▶ [Exercise requirements] Word for word, restate the lines that run from the line containing "this 1500×1500 image." to the last line of the records below.

Data for this task section start

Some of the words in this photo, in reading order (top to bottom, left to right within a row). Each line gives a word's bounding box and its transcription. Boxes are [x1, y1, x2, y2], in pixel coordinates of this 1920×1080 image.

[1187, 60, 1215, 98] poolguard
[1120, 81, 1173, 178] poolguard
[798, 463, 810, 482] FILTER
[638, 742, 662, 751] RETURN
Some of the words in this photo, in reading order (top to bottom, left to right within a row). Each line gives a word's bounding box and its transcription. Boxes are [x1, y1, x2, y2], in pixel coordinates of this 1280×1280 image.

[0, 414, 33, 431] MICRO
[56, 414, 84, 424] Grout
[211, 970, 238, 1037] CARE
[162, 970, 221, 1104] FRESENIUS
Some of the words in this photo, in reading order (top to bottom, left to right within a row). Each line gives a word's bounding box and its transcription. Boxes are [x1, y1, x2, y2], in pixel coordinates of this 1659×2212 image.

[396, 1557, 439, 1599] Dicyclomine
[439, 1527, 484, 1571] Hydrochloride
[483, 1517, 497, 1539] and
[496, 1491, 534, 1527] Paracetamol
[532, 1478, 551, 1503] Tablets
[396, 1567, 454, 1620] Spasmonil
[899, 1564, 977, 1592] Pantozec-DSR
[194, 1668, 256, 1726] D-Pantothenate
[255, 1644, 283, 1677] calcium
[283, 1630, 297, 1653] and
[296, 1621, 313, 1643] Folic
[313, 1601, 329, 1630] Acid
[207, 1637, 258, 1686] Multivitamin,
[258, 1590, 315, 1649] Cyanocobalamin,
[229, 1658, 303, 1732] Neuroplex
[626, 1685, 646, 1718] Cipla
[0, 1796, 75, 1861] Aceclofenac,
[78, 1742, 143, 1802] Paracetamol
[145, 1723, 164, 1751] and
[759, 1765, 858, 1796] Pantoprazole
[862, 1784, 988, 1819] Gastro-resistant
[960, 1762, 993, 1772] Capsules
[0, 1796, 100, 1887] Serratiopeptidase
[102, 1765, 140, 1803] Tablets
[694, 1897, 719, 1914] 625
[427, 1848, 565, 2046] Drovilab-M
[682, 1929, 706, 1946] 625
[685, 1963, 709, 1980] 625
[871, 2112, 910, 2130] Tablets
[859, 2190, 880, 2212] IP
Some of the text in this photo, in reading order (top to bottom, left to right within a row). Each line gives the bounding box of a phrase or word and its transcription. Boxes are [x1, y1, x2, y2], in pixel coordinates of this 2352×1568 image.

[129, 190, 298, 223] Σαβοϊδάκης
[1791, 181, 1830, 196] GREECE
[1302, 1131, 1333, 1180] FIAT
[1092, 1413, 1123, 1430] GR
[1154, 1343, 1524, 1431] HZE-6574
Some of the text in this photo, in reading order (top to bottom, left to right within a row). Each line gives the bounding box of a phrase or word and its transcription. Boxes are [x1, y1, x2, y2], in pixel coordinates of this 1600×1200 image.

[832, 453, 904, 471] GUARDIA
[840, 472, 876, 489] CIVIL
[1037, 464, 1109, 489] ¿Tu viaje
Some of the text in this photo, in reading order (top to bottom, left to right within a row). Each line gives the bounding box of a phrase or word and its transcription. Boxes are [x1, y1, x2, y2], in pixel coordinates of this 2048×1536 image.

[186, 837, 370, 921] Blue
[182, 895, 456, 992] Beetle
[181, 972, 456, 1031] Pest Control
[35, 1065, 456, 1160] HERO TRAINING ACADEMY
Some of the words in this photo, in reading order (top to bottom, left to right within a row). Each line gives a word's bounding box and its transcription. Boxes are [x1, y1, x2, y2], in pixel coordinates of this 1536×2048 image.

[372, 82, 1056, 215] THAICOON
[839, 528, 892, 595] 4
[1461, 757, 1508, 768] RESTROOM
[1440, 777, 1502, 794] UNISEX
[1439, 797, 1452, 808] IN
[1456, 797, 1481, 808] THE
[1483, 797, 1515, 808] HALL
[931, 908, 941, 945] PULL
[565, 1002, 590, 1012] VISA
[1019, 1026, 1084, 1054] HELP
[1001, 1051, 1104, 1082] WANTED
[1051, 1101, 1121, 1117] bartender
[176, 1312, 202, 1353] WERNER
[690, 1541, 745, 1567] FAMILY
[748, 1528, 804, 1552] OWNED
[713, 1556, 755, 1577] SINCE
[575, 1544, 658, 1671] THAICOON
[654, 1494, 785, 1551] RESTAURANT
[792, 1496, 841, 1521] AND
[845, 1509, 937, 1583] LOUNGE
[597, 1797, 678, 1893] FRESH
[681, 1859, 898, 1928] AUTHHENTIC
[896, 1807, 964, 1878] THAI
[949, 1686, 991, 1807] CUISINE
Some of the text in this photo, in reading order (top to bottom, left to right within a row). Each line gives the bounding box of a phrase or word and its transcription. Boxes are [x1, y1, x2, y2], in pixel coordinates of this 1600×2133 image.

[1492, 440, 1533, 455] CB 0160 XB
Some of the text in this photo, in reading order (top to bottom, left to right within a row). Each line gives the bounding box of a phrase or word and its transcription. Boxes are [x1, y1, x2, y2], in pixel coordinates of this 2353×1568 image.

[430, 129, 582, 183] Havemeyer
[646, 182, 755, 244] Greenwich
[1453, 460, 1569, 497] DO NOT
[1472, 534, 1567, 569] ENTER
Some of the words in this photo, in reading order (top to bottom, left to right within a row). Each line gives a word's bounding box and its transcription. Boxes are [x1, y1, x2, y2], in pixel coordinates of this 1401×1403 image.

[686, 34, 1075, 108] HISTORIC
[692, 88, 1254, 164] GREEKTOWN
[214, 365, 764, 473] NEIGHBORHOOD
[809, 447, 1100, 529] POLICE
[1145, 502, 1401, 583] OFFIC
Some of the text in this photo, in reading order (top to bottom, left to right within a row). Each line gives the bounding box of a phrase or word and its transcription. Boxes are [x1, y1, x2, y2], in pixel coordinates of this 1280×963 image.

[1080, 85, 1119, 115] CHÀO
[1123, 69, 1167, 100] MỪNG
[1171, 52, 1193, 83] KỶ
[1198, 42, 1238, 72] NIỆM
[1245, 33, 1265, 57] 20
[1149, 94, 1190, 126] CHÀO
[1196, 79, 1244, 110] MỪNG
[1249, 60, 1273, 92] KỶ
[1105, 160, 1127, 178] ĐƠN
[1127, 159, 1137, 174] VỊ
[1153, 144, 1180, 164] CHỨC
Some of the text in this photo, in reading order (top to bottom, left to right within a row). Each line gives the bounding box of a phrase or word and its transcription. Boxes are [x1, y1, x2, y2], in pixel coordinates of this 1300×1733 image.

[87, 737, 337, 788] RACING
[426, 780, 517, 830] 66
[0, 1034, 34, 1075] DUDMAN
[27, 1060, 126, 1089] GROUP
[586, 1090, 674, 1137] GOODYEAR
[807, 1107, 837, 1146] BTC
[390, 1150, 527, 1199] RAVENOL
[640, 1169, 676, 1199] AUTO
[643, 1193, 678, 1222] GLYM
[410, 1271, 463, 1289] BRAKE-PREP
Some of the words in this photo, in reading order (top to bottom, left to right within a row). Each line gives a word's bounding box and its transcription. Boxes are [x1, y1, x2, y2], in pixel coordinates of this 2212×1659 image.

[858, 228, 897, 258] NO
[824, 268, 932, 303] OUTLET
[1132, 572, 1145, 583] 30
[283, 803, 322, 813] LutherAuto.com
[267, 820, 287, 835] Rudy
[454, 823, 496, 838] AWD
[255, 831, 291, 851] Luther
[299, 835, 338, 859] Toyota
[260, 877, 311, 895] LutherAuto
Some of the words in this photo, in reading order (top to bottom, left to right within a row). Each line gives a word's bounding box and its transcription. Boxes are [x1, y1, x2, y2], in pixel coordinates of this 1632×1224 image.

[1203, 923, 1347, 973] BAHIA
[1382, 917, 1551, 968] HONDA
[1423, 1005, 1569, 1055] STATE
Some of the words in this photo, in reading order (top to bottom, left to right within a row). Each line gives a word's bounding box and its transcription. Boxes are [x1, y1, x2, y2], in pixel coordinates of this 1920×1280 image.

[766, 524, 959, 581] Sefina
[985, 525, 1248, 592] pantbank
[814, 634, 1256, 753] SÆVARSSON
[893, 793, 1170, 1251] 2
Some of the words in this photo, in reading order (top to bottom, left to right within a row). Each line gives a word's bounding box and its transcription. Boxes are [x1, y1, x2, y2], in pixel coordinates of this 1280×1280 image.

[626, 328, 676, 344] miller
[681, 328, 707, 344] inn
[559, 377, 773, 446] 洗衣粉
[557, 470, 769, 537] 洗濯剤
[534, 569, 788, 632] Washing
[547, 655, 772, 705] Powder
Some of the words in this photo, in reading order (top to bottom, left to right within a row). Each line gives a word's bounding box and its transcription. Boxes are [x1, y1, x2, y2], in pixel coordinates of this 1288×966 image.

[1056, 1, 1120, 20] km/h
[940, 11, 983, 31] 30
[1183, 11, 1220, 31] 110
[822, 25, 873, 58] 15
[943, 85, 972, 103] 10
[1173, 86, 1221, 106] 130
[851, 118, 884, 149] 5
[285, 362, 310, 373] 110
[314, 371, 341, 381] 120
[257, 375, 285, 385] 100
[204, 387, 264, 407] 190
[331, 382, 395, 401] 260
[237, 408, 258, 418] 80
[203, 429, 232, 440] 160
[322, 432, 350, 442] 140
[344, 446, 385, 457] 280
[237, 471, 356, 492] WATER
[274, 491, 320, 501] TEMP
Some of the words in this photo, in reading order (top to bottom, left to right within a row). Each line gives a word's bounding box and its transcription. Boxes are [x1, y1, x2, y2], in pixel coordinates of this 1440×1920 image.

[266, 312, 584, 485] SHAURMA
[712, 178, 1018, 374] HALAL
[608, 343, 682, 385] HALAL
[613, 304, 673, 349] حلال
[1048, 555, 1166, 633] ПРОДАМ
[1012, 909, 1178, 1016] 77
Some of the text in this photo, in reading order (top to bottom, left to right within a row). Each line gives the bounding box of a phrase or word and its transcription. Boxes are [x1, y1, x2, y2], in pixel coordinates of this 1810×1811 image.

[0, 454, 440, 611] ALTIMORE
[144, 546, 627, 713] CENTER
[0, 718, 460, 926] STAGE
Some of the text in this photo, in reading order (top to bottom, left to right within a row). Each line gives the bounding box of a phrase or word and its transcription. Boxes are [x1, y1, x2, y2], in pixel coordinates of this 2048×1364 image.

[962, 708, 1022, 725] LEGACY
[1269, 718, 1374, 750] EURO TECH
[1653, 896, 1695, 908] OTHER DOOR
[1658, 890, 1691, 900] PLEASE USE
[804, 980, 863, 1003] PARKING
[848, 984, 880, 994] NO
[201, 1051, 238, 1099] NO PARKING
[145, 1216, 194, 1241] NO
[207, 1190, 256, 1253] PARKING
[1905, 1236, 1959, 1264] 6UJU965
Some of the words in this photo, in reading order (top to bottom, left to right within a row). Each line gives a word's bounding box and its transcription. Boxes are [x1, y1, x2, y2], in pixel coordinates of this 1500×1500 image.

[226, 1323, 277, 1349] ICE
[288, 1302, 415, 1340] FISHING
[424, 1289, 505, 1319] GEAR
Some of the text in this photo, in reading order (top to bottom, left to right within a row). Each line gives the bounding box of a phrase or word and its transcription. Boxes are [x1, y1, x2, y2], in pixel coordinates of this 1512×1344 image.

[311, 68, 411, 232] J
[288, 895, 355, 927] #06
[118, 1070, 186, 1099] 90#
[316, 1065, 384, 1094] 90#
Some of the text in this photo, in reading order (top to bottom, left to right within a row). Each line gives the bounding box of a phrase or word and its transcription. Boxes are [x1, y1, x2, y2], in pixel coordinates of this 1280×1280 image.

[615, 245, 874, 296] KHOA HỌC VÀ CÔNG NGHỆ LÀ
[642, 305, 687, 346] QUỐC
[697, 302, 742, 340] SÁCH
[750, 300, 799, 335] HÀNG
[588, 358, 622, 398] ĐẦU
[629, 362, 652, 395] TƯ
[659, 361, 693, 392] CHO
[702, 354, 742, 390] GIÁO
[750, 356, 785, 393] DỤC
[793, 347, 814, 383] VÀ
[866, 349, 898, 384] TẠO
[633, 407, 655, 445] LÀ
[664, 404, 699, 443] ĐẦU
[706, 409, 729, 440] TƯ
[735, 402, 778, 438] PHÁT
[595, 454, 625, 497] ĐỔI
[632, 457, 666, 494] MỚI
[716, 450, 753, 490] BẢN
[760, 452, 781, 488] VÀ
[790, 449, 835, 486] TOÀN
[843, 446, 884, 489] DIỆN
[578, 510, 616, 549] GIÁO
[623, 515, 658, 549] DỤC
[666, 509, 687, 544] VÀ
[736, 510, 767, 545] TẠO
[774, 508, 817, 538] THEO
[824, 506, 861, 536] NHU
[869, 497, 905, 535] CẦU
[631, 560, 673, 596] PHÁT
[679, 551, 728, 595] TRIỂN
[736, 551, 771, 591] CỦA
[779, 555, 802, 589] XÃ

Data for this task section end

▶ [Written response]
Some of the words in this photo, in reading order (top to bottom, left to right within a row). Each line gives a word's bounding box and its transcription. Boxes are [x1, y1, x2, y2], in pixel coordinates of this 1500×1500 image.

[226, 1323, 277, 1349] ICE
[288, 1302, 415, 1340] FISHING
[424, 1289, 505, 1319] GEAR
Some of the text in this photo, in reading order (top to bottom, left to right within a row). Each line gives the bounding box of a phrase or word and its transcription. Boxes are [x1, y1, x2, y2], in pixel coordinates of this 1512×1344 image.

[311, 68, 411, 232] J
[288, 895, 355, 927] #06
[118, 1070, 186, 1099] 90#
[316, 1065, 384, 1094] 90#
Some of the text in this photo, in reading order (top to bottom, left to right within a row). Each line gives the bounding box of a phrase or word and its transcription. Boxes are [x1, y1, x2, y2], in pixel coordinates of this 1280×1280 image.

[615, 245, 874, 296] KHOA HỌC VÀ CÔNG NGHỆ LÀ
[642, 305, 687, 346] QUỐC
[697, 302, 742, 340] SÁCH
[750, 300, 799, 335] HÀNG
[588, 358, 622, 398] ĐẦU
[629, 362, 652, 395] TƯ
[659, 361, 693, 392] CHO
[702, 354, 742, 390] GIÁO
[750, 356, 785, 393] DỤC
[793, 347, 814, 383] VÀ
[866, 349, 898, 384] TẠO
[633, 407, 655, 445] LÀ
[664, 404, 699, 443] ĐẦU
[706, 409, 729, 440] TƯ
[735, 402, 778, 438] PHÁT
[595, 454, 625, 497] ĐỔI
[632, 457, 666, 494] MỚI
[716, 450, 753, 490] BẢN
[760, 452, 781, 488] VÀ
[790, 449, 835, 486] TOÀN
[843, 446, 884, 489] DIỆN
[578, 510, 616, 549] GIÁO
[623, 515, 658, 549] DỤC
[666, 509, 687, 544] VÀ
[736, 510, 767, 545] TẠO
[774, 508, 817, 538] THEO
[824, 506, 861, 536] NHU
[869, 497, 905, 535] CẦU
[631, 560, 673, 596] PHÁT
[679, 551, 728, 595] TRIỂN
[736, 551, 771, 591] CỦA
[779, 555, 802, 589] XÃ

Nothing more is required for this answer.